Toxic shock syndrome in Infant/Neonate
Children are most susceptible to TSS between the ages of 6 months and 2 years. Before 6 months, the mother's antibodies are protective, and after age 2 years, the child begins producing antibody titers in higher amounts. TSS mortality rates are much lower in children than adults, at 5%-10% and 3%-5% for streptococcal versus staphylococcal types, respectively.
Note: An increase in invasive S pyogenes (invasive group A streptococcal [iGAS]) infections in children, including necrotizing fasciitis and streptococcal TSS, has been reported in Europe and the United States in 2022-2023.

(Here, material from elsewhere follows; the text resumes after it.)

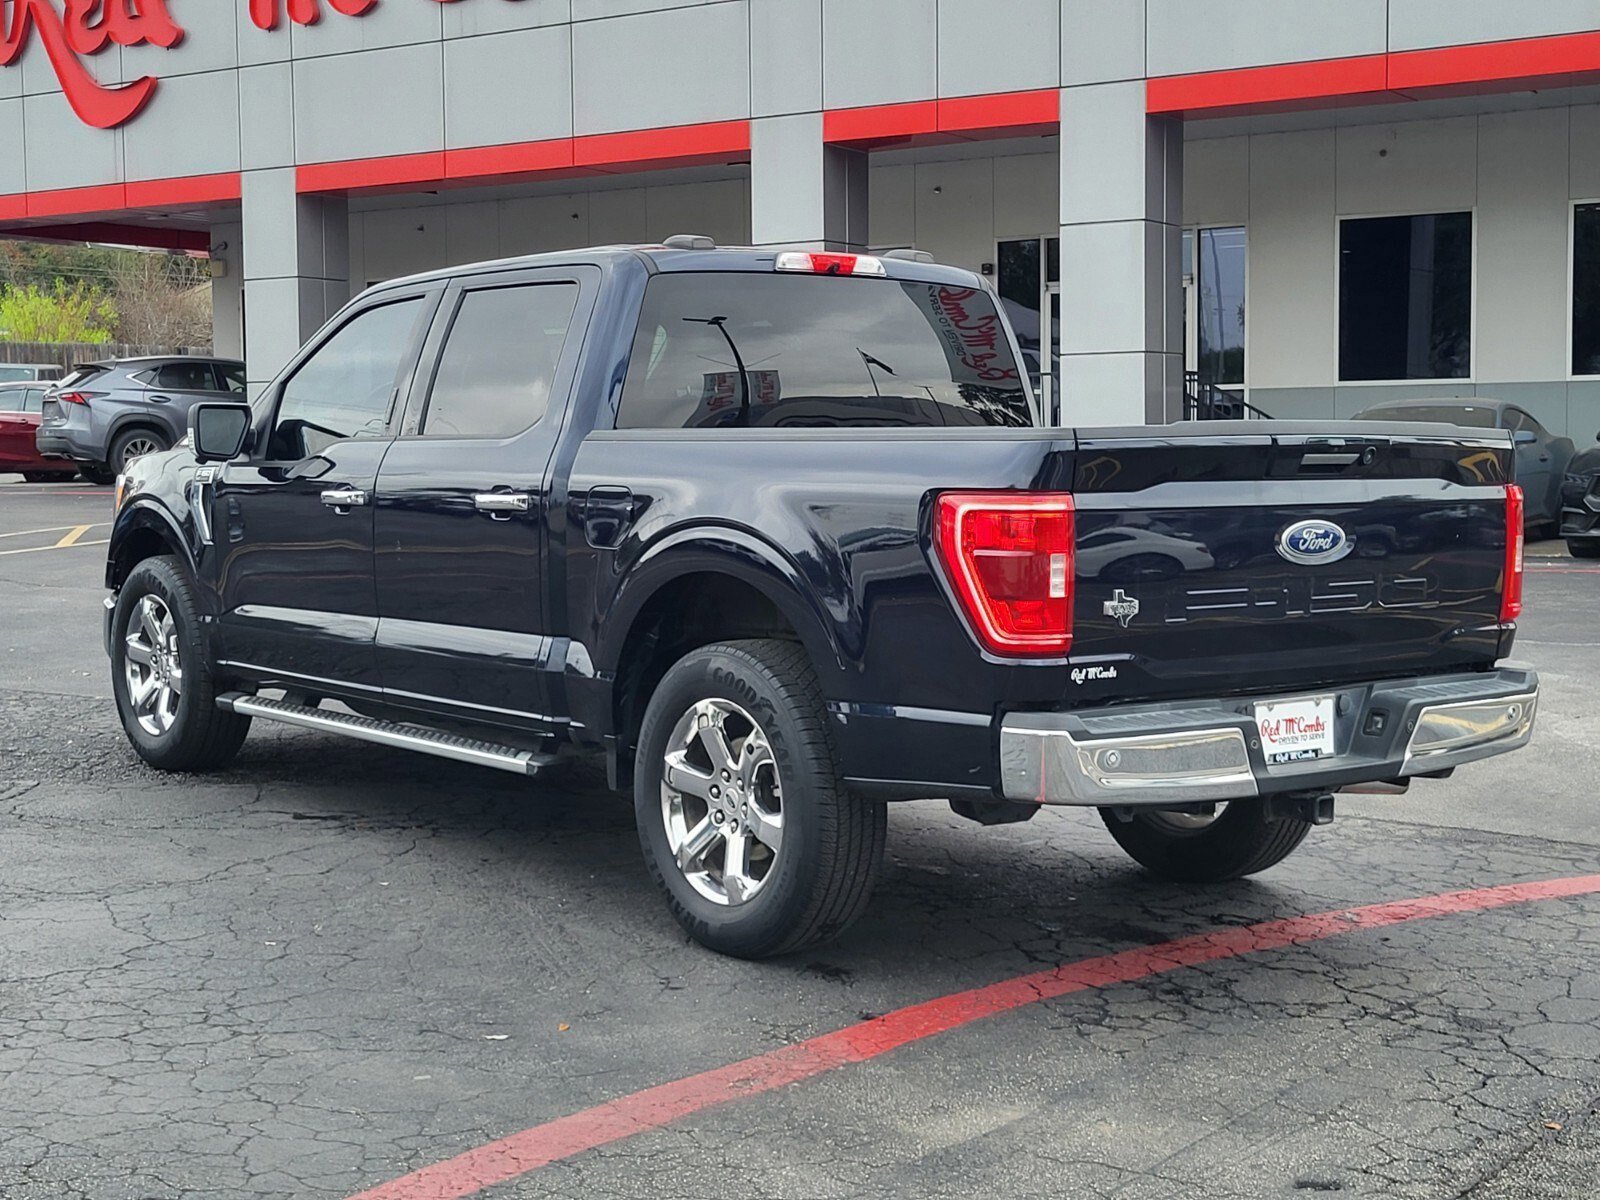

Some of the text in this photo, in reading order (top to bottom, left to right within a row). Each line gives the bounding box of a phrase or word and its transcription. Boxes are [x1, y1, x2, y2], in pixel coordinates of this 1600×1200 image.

[1299, 528, 1334, 551] Ford
[1261, 716, 1325, 743] Red McCombs
[1278, 732, 1325, 745] DRIVEN TO SERVE

TSS may result from surgical wounds, burns, or any other type of mucous membrane, skin, or soft tissue infection with S aureus. If the US Centers for Disease Control (CDC) criteria are strictly followed, TSS is extremely rare in infants (refer to Diagnostic Pearls section for CDC definition of staphylococcal TSS). Partial expression may be due to passive immunity conferred by maternal antibodies during the first 3-6 months of life, the increased tolerance of infantile T cells to superantigens, and early treatment leading to a blunted course. Names for these partial expressions of toxin-mediated disease include neonatal toxic shock syndrome-like exanthematous disease (NTED) and staphylococcal toxemia.
A48.3 – Toxic shock syndrome
18504008 – Toxic shock syndrome
Differential Diagnosis & Pitfalls
- Staphylococcal scalded skin syndrome
- Kawasaki disease – Fever lasting for more than 5 days with oral mucosal changes, conjunctival injection, and cervical lymphadenopathy.
- Multisystem inflammatory syndrome in children from COVID-19 infection
- Scarlet fever – 1-mm erythematous papules, always elevated WBC with left shift, eosinophilia in up to 20% of patients.
- Drug hypersensitivity syndrome (DRESS)
- Exanthematous drug eruption
- Toxic epidermal necrolysis (TEN)
- Stevens-Johnson syndrome (SJS)
- Contact dermatitis
- Pityriasis rubra pilaris
- Sezary syndrome (see cutaneous T-cell lymphoma)
- Necrotizing fasciitis – Rapidly progressing necrosis of fascia and subcutaneous fat.
- Meningococcemia – Rapid decompensation, characteristic petechial eruption caused by Neisseria meningitidis.
- Rocky Mountain spotted fever – Characteristic retiform purpura; check for serologies.